Zeiraphera canadensis, the spruce bud moth, is a moth of the family Tortricidae. It is a small brown moth mainly found in North America, specifically New Brunswick, Quebec, and the north-eastern United States. The adult moth flutters quickly, and stays low among trees during the day and higher above tree cover after sunset. The spruce bud moth relies primarily on the white spruce tree as a host plant.

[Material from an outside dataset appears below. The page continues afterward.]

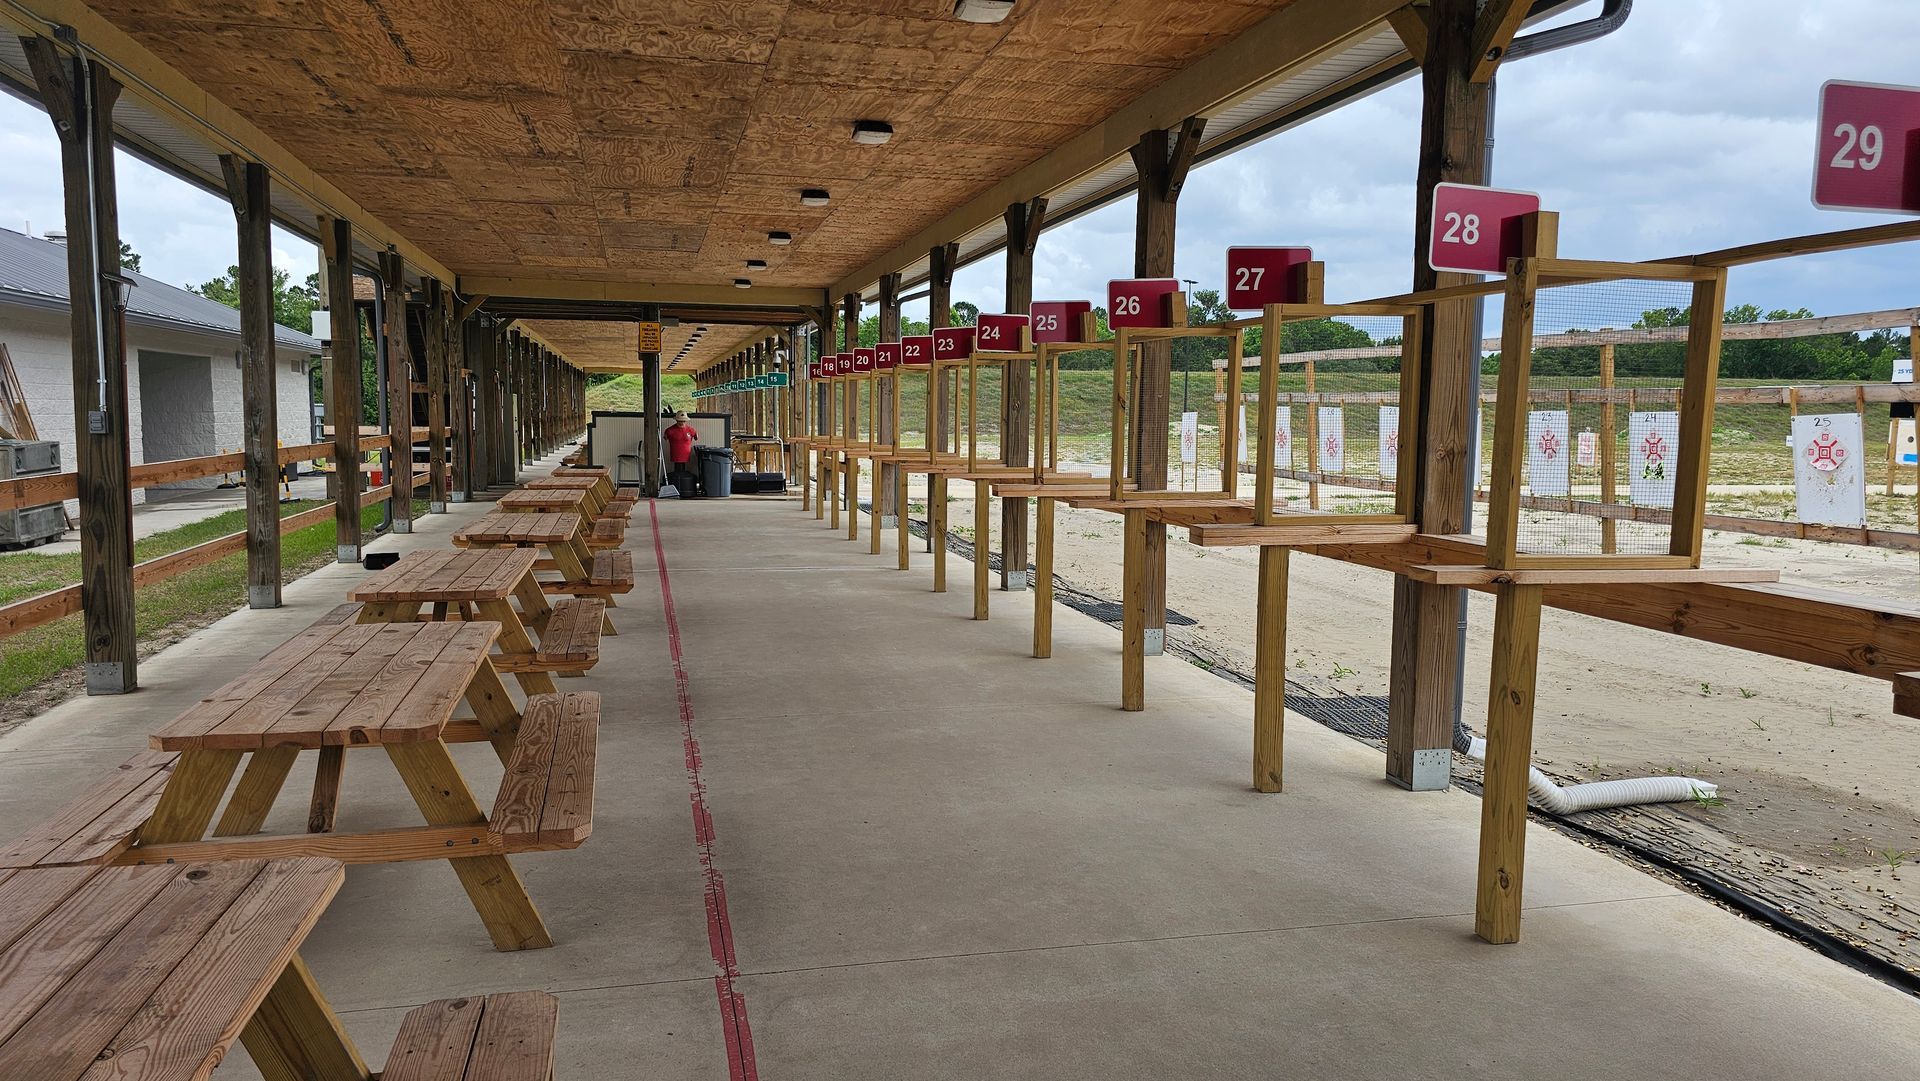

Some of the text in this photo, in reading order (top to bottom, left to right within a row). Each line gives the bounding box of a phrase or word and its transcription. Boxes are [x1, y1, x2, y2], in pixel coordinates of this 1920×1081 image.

Both male and female spruce bud moths mate multiply, however males have the ability to secrete accessory gland proteins that prevent female re-mating. The moth is univoltine, meaning only one generation hatches per year, and its eggs overwinter from July to May. The species Z. ratzeburgiana is very similar to Z. canadensis and can only be distinguished by the presence of an anal comb in Z. canadensis.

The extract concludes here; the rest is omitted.